L'oeuvre d'Otto en sera marquée malgré les bonnes intentions de l'auteur. Mais sa recherche sur la transcendance du « tout autre » donnera une impulsion à la réflexion religieuse 1. C'est donc avec une âme religieuse que ces auteurs ont entrepris leurs travaux. Par ailleurs, on verra comment un Durkheim videra le phénomène religieux de sa substance même.

Pour Otto, le sacré est une expérience irréductible à tout autre, un sentiment originaire et spécifique qui cherche communication avec le « tout autre », le « numineux » comme pôle ultra phénoménal.

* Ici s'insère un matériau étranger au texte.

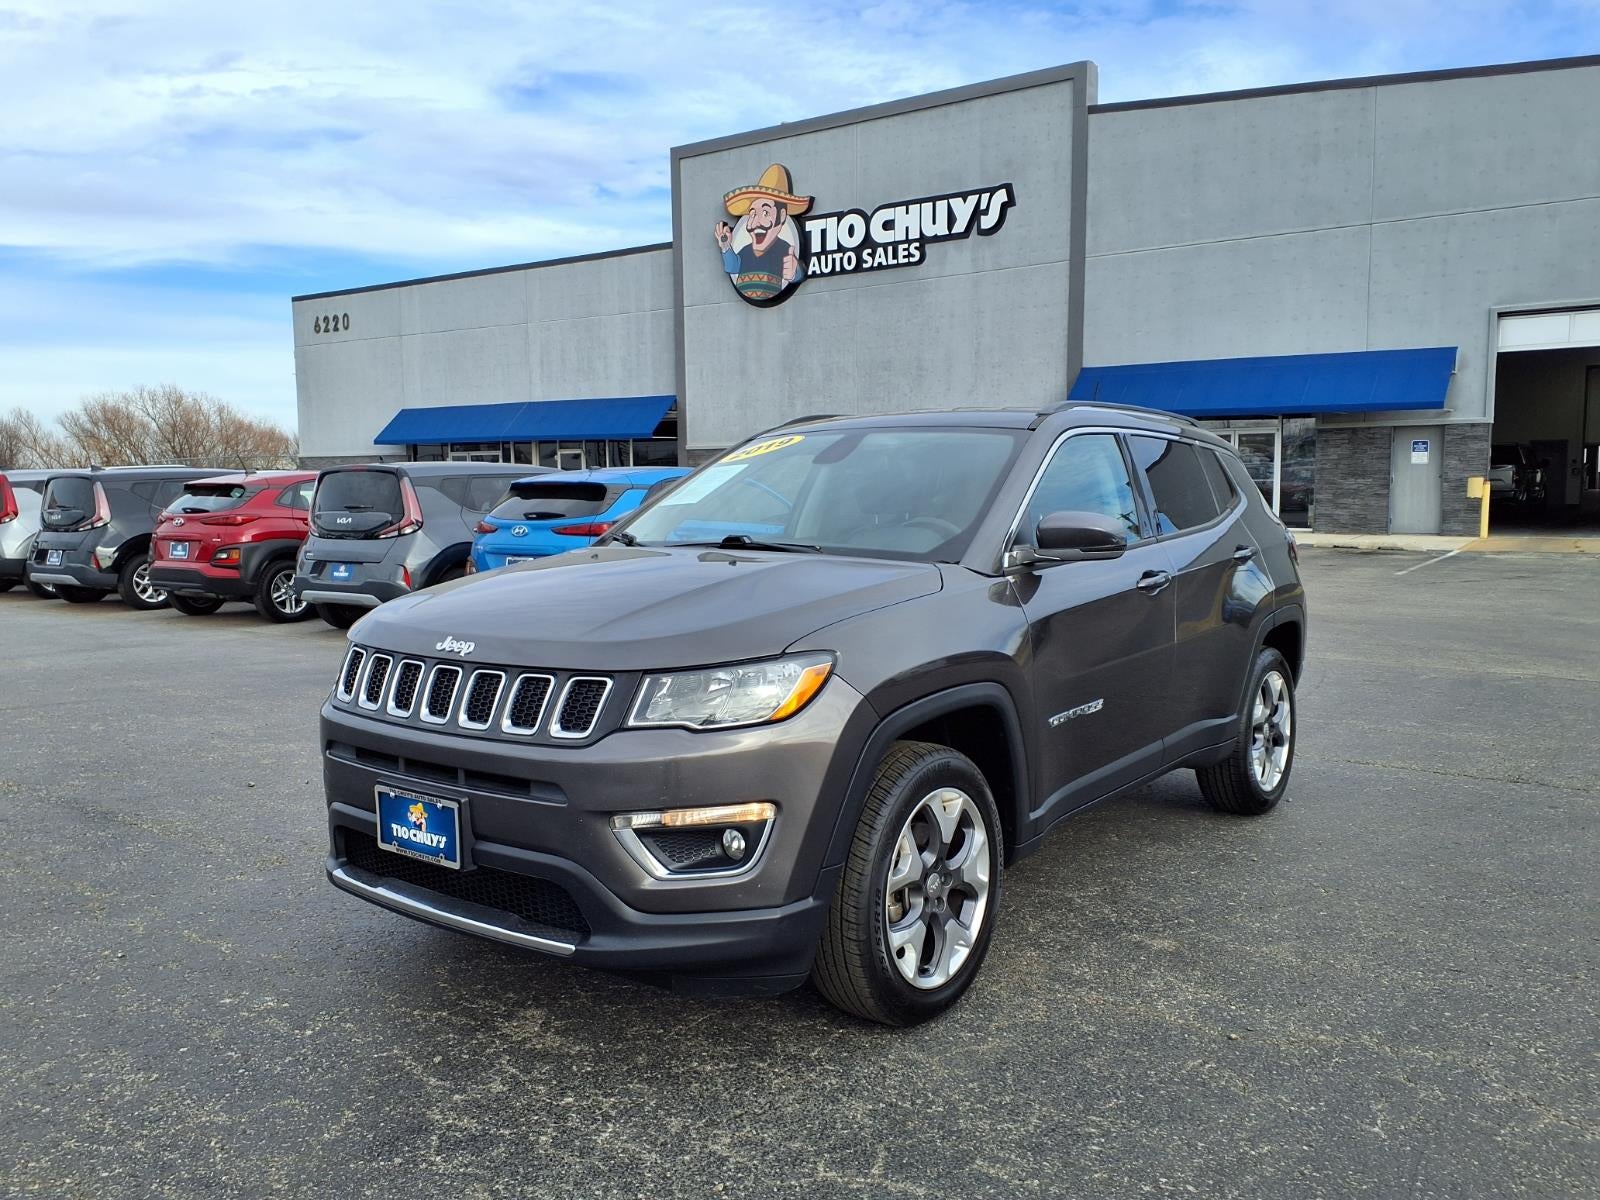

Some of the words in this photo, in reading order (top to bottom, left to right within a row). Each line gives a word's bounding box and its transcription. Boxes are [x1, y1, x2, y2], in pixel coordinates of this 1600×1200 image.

[805, 213, 866, 254] TIO
[869, 188, 1008, 244] CHUY'S
[807, 252, 857, 275] AUTO
[862, 242, 921, 269] SALES
[313, 312, 350, 334] 6220
[435, 635, 476, 657] Jeep
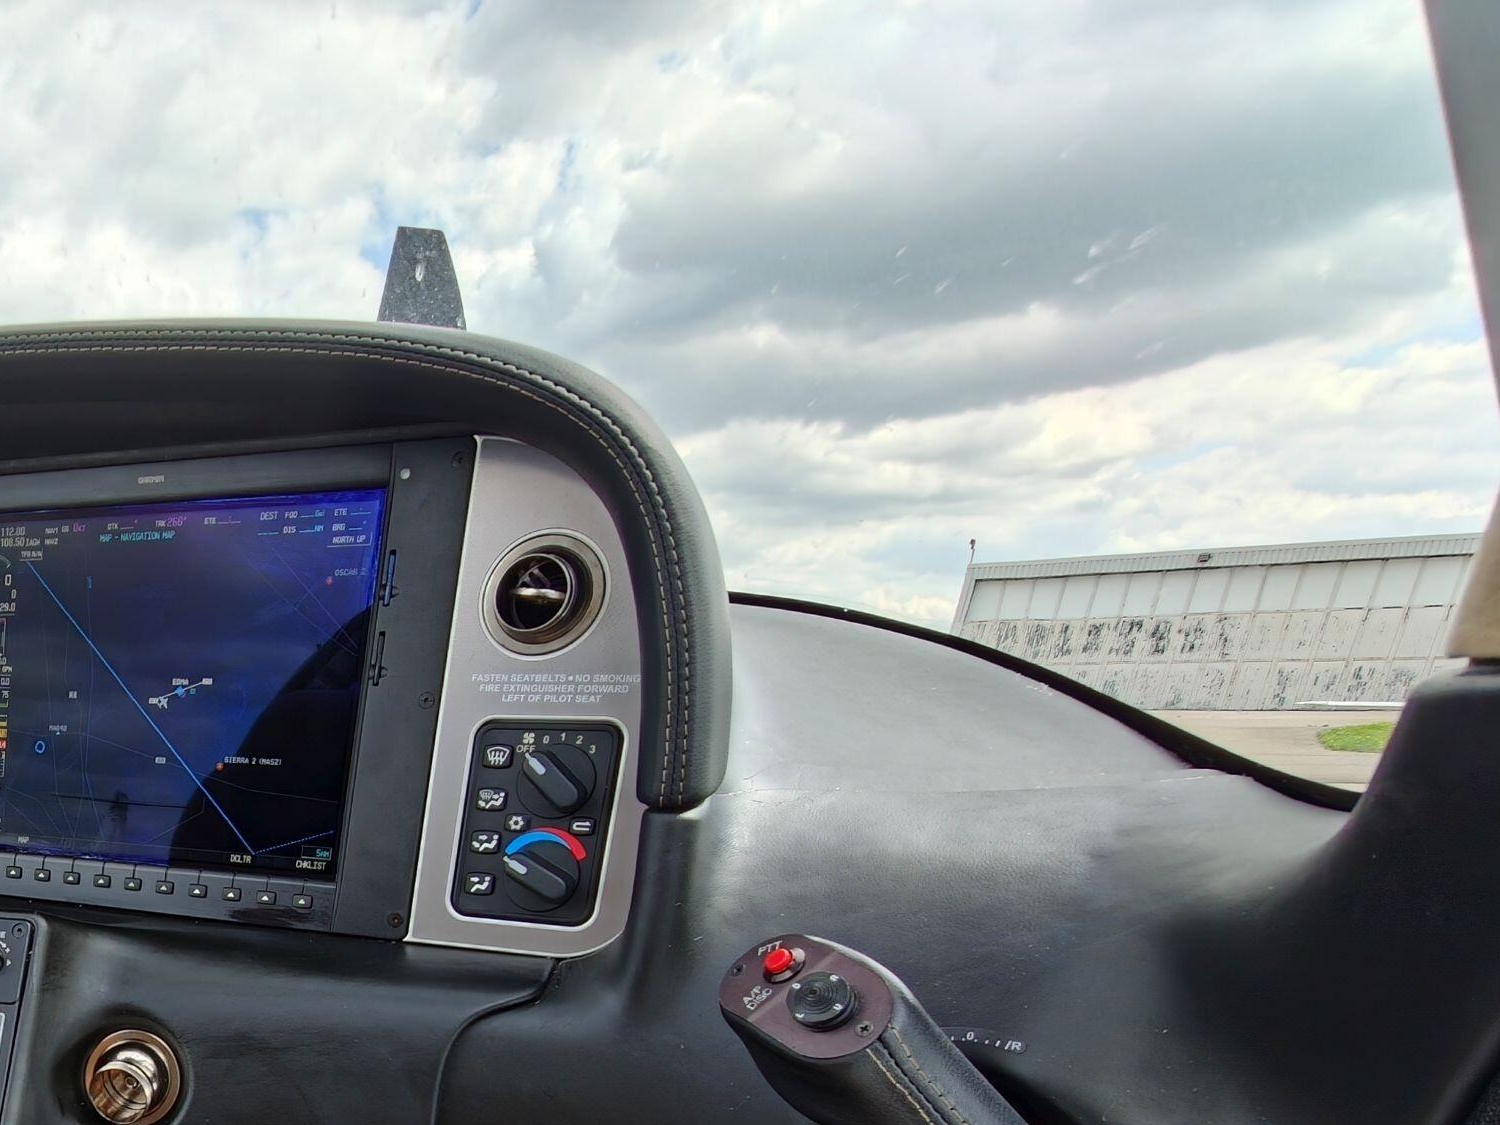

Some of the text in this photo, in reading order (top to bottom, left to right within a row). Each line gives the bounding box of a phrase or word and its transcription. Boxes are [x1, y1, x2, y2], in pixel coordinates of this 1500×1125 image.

Comme chez Lévy-Bruhl 2 dans ses premières oeuvres, enferme-t-il le sacré dans un univers prélogique ?

S'agit-il d'une catégorie composée exclusivement d'éléments non rationnels ? Il faut nuancer. Les sentiments du sujet religieux ne sont pas conçus comme de purs états subjectifs. « Nous entendons par sentiment non pas un état subjectif, mais un acte de la raison elle-même, un mode de connaître qui se distingue dumode de connaître par l'entendement, c'est-à-dire de la connaissance réfléchie et dialectique sous la forme du concept et de la définition » 3. Plus que le sujet religieux, Otto envisage d'abord l'objet religieux. Et c'est par celui-ci qu'il introduit le rationnel, non pas comme un corps étranger mais parce que l'homme cherche le Numineux autant par la connaissance rationnelle que par son affectivité 4.

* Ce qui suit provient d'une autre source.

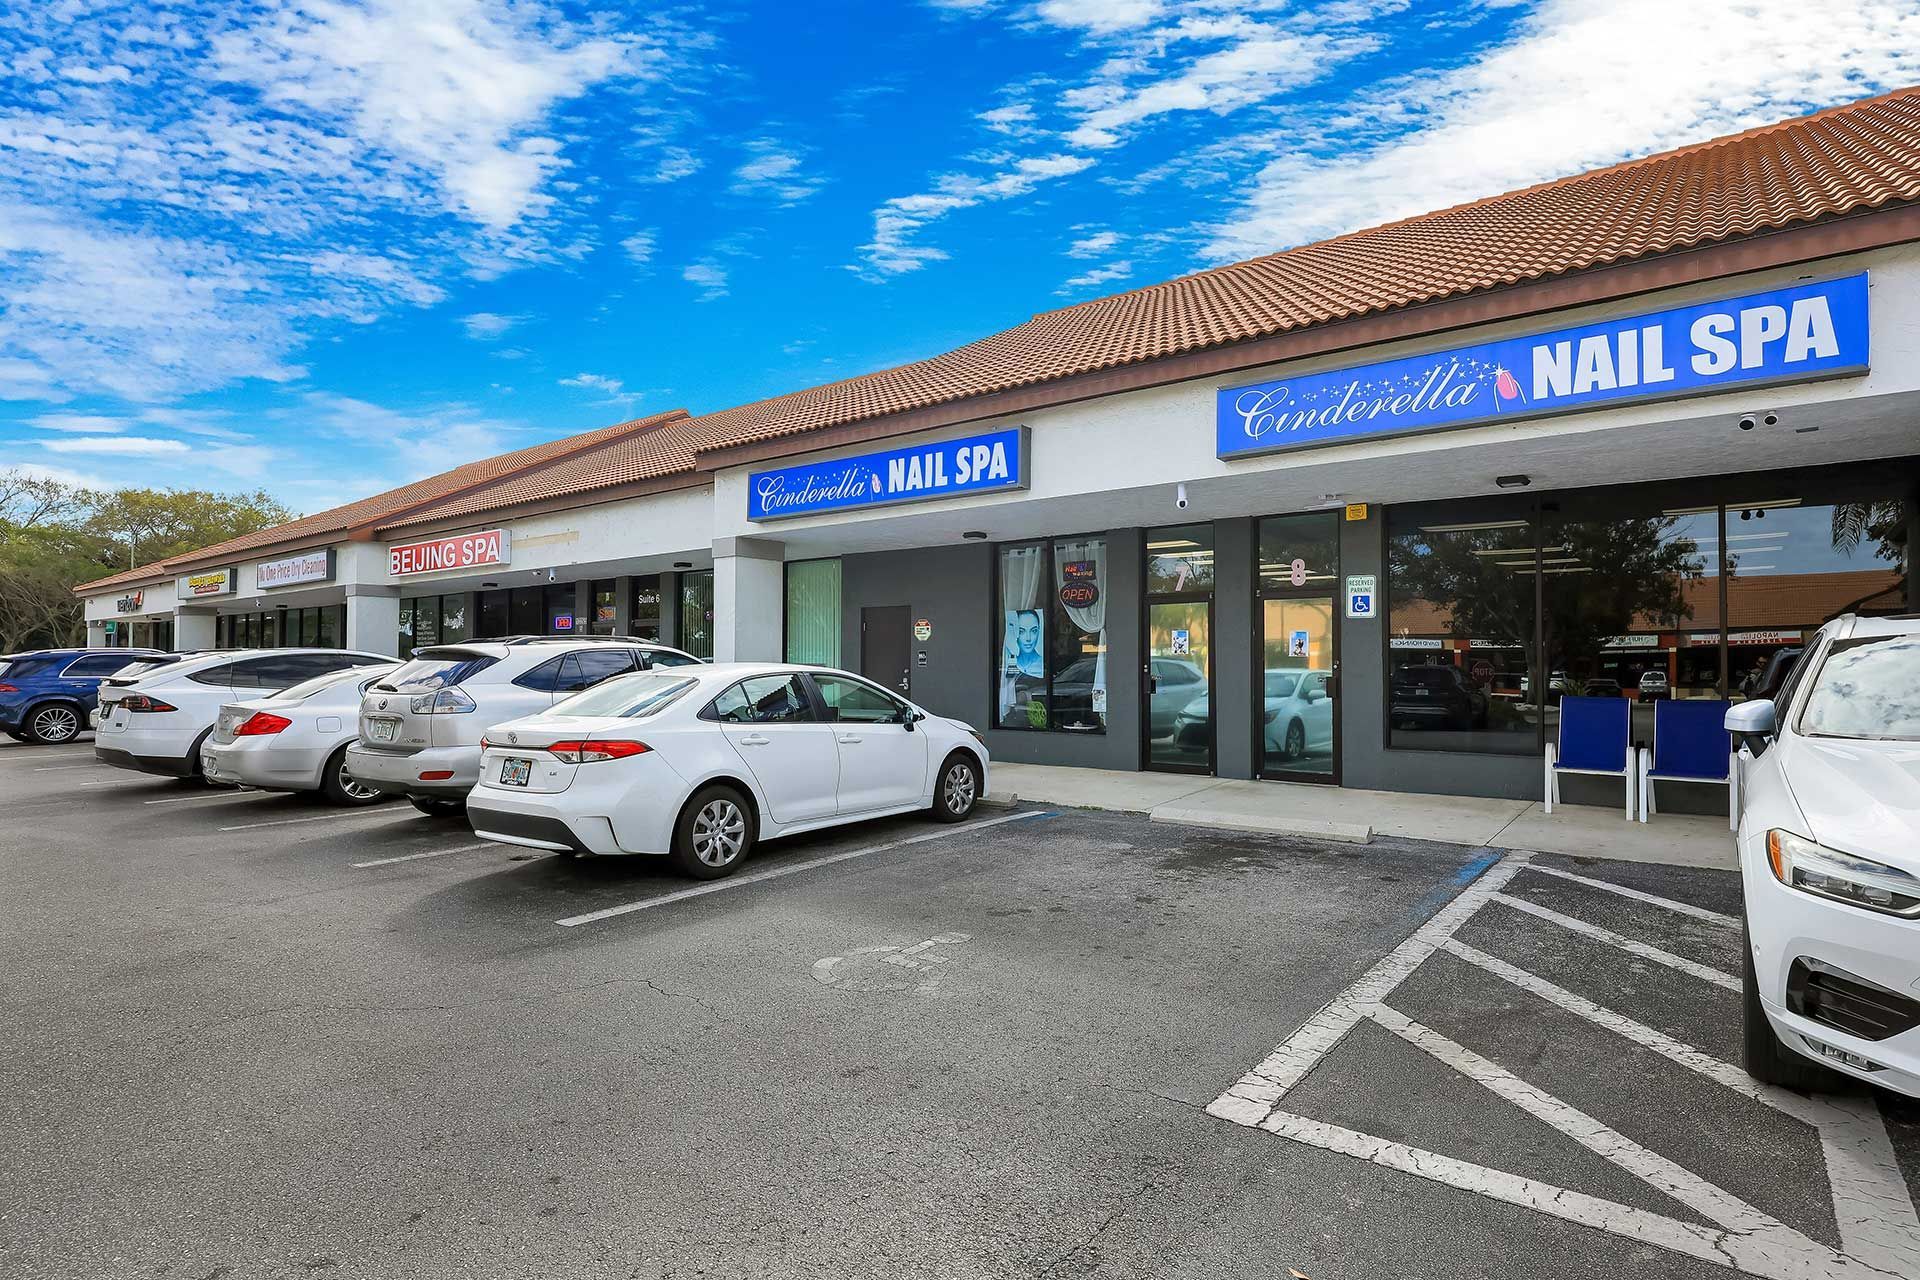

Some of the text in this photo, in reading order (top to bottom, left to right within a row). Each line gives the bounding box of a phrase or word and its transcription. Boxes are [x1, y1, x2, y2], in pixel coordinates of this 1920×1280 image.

[1235, 295, 1840, 440] Cinderella NAIL SPA
[757, 442, 1008, 515] Cinderella NAIL SPA
[277, 563, 290, 579] Price
[291, 561, 301, 579] Dry
[302, 557, 326, 576] Cleaning
[390, 536, 500, 574] BEIJING SPA
[1175, 563, 1190, 591] 7
[1291, 558, 1306, 587] 8
[639, 594, 661, 603] Suite 6
[1062, 588, 1094, 600] OPEN

Cette pensée s'inscrit dans une réaction contre Kant qui réduisait le sacré au moral, seul pur intelligible. A l'extrême opposé s'affirme un Schleiermacher, refusant de faire du sacré un pur donné métaphysique (connaissance) ou une réalité exclusivement morale (volonté). identifiant plutôt le sacré au sentiment (dont on cherche vainement l'objet spécifiquement religieux chez cet auteur) 5. On mesure tout le mérite d'Otto et de Scheler qui nous ont fait sortir des ornières de la philosophie des lumières (Aufklärung), du psychologisme ou du sociologisme religieux. Otto et Scheler plus que tout autre de leurs  contemporains ont établi que l'acte religieux ne se comprend qu'à partir de son objet qui d'abord lui donne sa spécificité, sa vérité Aux chapitres IV et VII, Otto étudie les deux pôles du sacré : répulsion et attraction, deux attitudes en face du numineux mystérieux. Cette distinction devenue classique ne nous semble pas satisfaisante, surtout pour trouver la spécificité de l'attitude religieuse dans le sacré.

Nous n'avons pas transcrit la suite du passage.